Data for analysis START
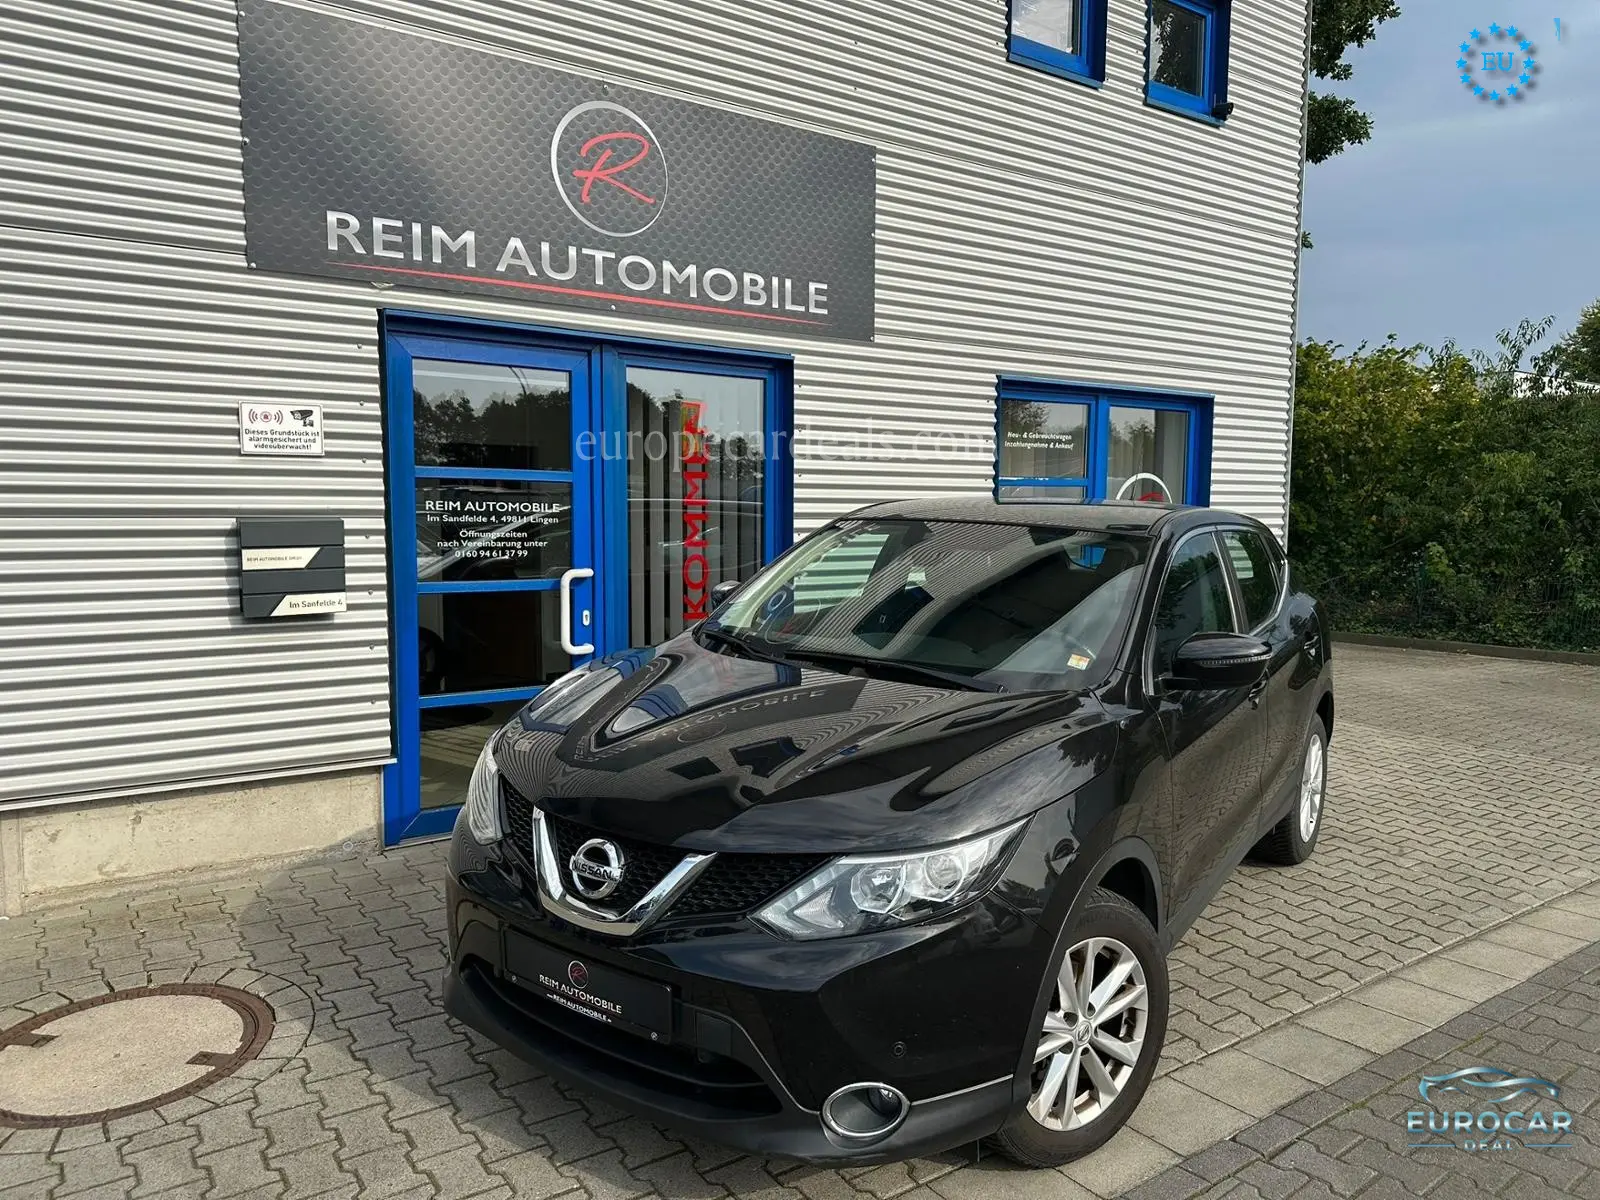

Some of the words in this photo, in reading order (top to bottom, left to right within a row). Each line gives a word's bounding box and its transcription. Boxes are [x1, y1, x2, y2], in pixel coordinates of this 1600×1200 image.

[573, 132, 655, 203] R
[326, 210, 477, 268] REIM
[496, 237, 829, 316] AUTOMOBILE
[244, 428, 268, 436] Dieses
[425, 500, 461, 511] REIM
[464, 501, 560, 513] AUTOMOBILE
[427, 514, 440, 522] Im
[442, 514, 488, 523] Sandfelde
[490, 515, 499, 524] 4,
[530, 516, 559, 525] Lingen
[459, 528, 528, 539] Öffnungszeiten
[461, 540, 521, 549] Vereinbarung
[455, 550, 478, 558] 0160
[479, 550, 491, 558] 94
[516, 550, 529, 558] 99
[289, 601, 300, 609] Im
[571, 860, 612, 880] NISSAN
[539, 974, 559, 990] REIM
[560, 983, 622, 1014] AUTOMOBILE
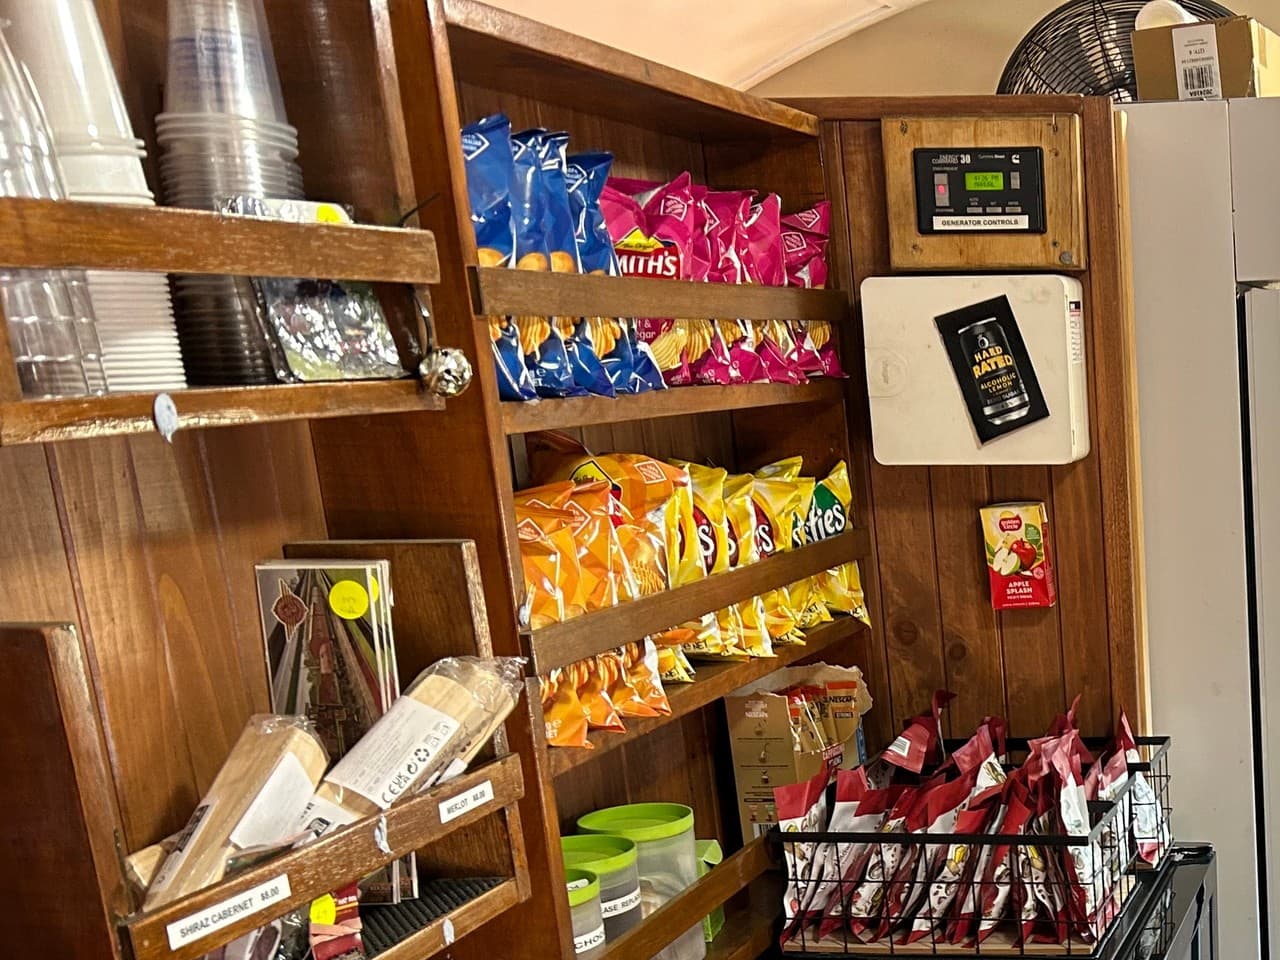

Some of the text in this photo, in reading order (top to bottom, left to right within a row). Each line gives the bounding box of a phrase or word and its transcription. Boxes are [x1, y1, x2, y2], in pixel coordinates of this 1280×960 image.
Data for analysis END
◆ **Problem to solve**:
The result should be the same data as above, line for line, with the pictures gone.

◆ **Your response**:
Some of the words in this photo, in reading order (top to bottom, left to right within a row). Each line gives a word's bounding box and its transcription. Boxes are [x1, y1, x2, y2], in pixel coordinates of this 1600×1200 image.

[573, 132, 655, 203] R
[326, 210, 477, 268] REIM
[496, 237, 829, 316] AUTOMOBILE
[244, 428, 268, 436] Dieses
[425, 500, 461, 511] REIM
[464, 501, 560, 513] AUTOMOBILE
[427, 514, 440, 522] Im
[442, 514, 488, 523] Sandfelde
[490, 515, 499, 524] 4,
[530, 516, 559, 525] Lingen
[459, 528, 528, 539] Öffnungszeiten
[461, 540, 521, 549] Vereinbarung
[455, 550, 478, 558] 0160
[479, 550, 491, 558] 94
[516, 550, 529, 558] 99
[289, 601, 300, 609] Im
[571, 860, 612, 880] NISSAN
[539, 974, 559, 990] REIM
[560, 983, 622, 1014] AUTOMOBILE

Some of the text in this photo, in reading order (top to bottom, left to right within a row). Each line gives the bounding box of a phrase or word and its transcription. Boxes are [x1, y1, x2, y2], in pixel coordinates of this 1280×960 image.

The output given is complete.